Your goal:
Each entry below needs to be transcribed verbatim; the images should not appear.

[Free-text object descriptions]
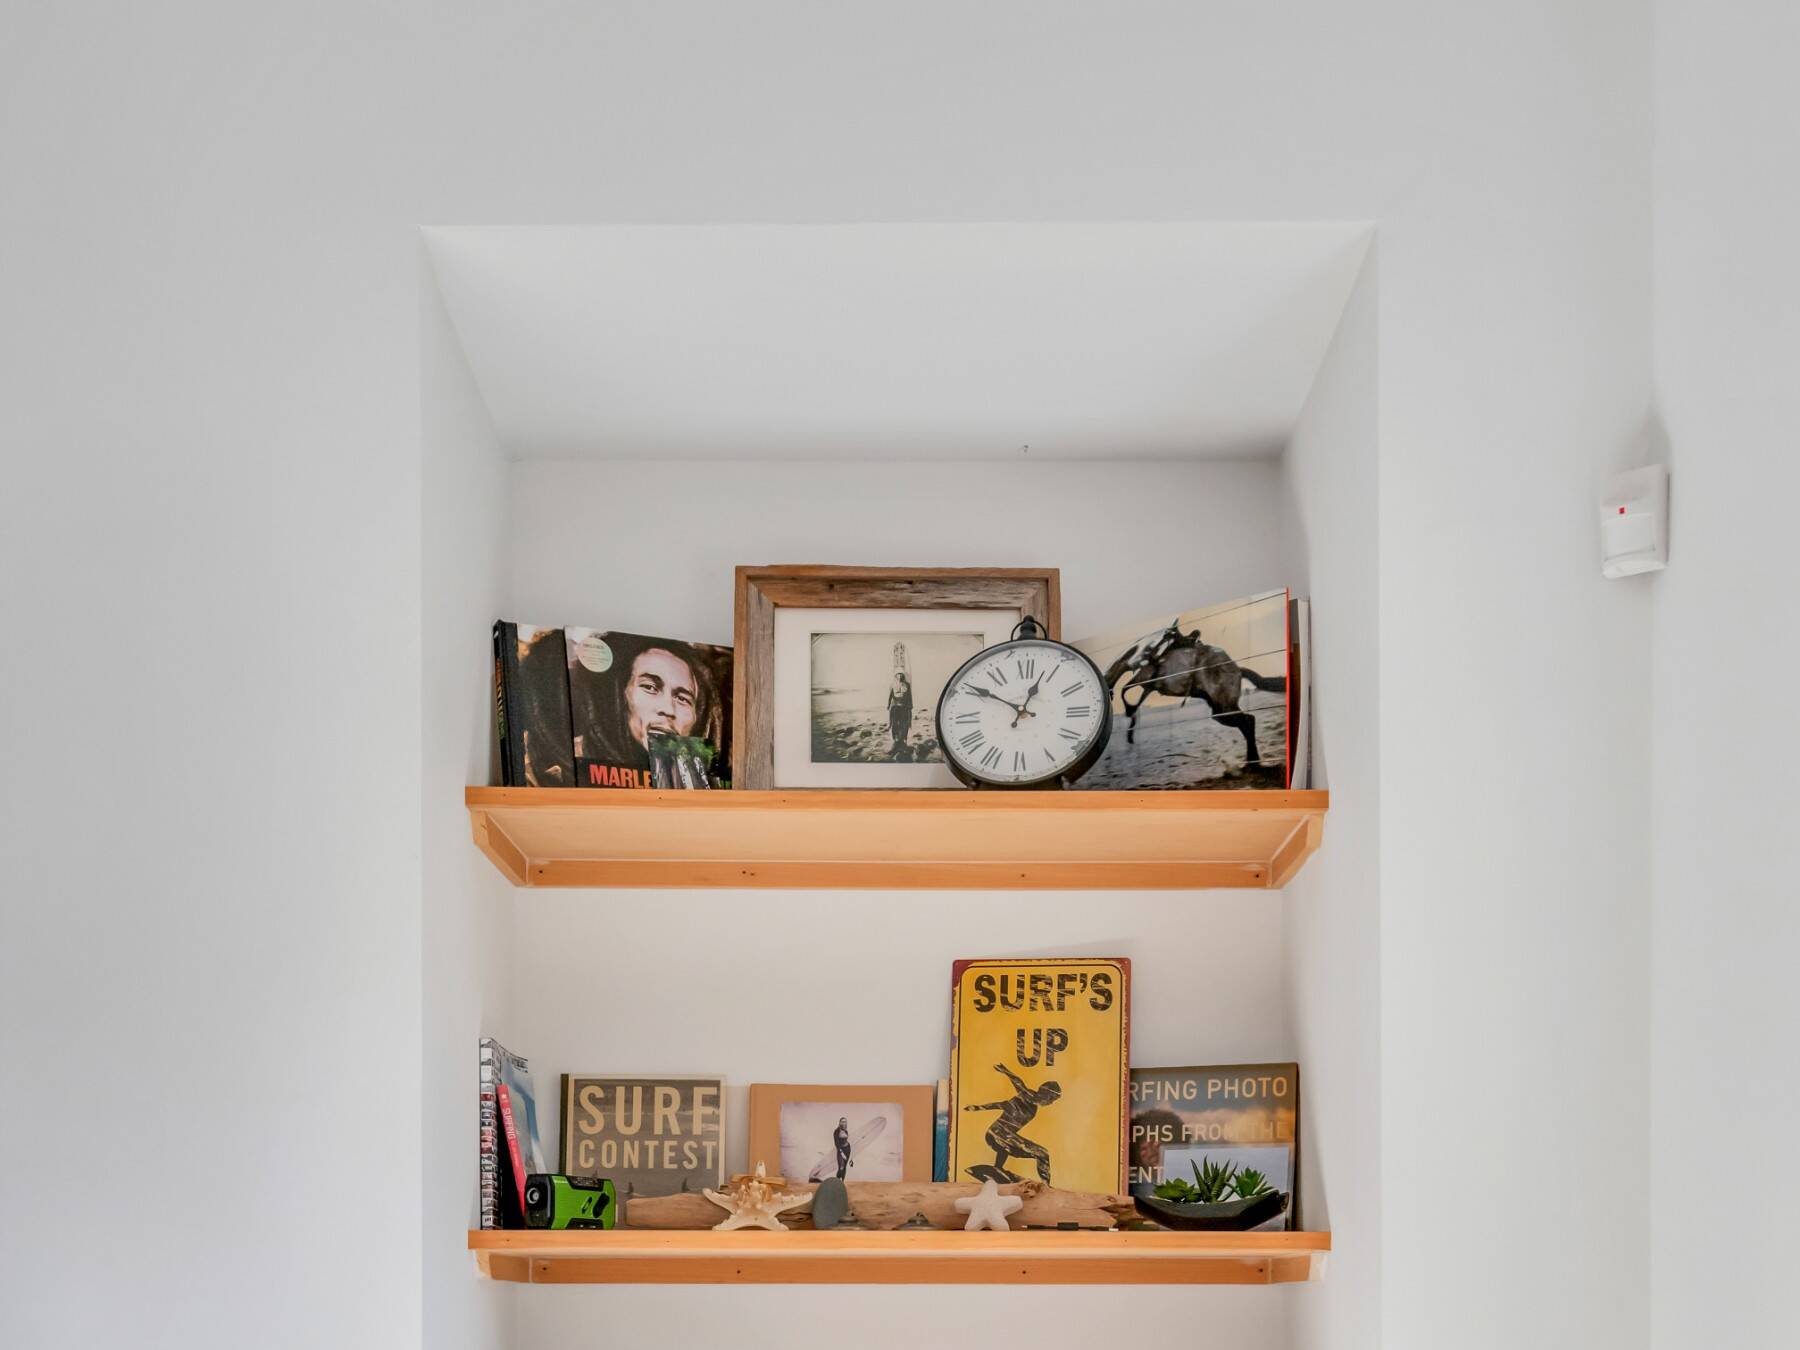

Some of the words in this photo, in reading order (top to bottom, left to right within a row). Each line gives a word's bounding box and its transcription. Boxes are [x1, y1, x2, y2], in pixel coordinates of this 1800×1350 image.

[973, 973, 1113, 1013] SURF'S
[1016, 1028, 1069, 1067] UP
[1207, 1076, 1288, 1100] PHOTO
[578, 1085, 718, 1135] SURF
[1130, 1124, 1174, 1143] PHS
[1182, 1123, 1240, 1142] FROM
[1250, 1119, 1289, 1140] THE
[579, 1139, 717, 1169] CONTEST
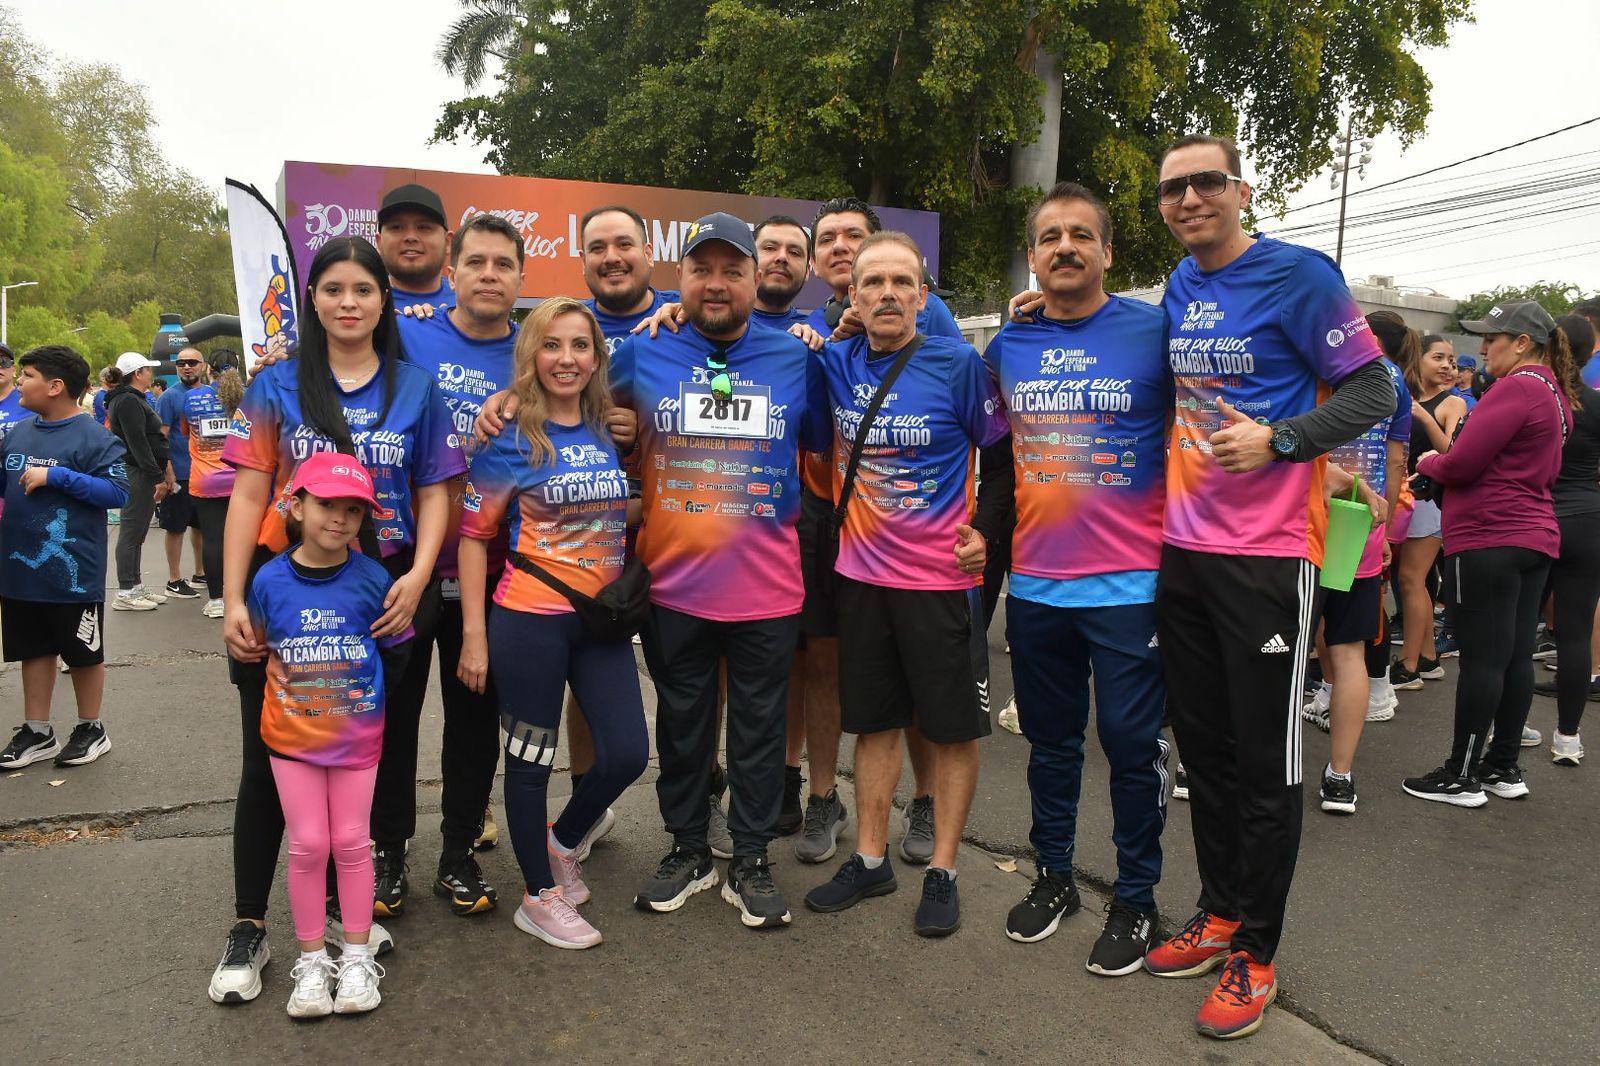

Solution to this problem:
Some of the words in this photo, in reading order (top to bottom, left to right within a row). Each line gives a word's bounding box and its transcription. Boxes are [x1, y1, x2, y2], in pixel coordinates of this 1800×1350 image.

[973, 973, 1113, 1013] SURF'S
[1016, 1028, 1069, 1067] UP
[1207, 1076, 1288, 1100] PHOTO
[578, 1085, 718, 1135] SURF
[1130, 1124, 1174, 1143] PHS
[1182, 1123, 1240, 1142] FROM
[1250, 1119, 1289, 1140] THE
[579, 1139, 717, 1169] CONTEST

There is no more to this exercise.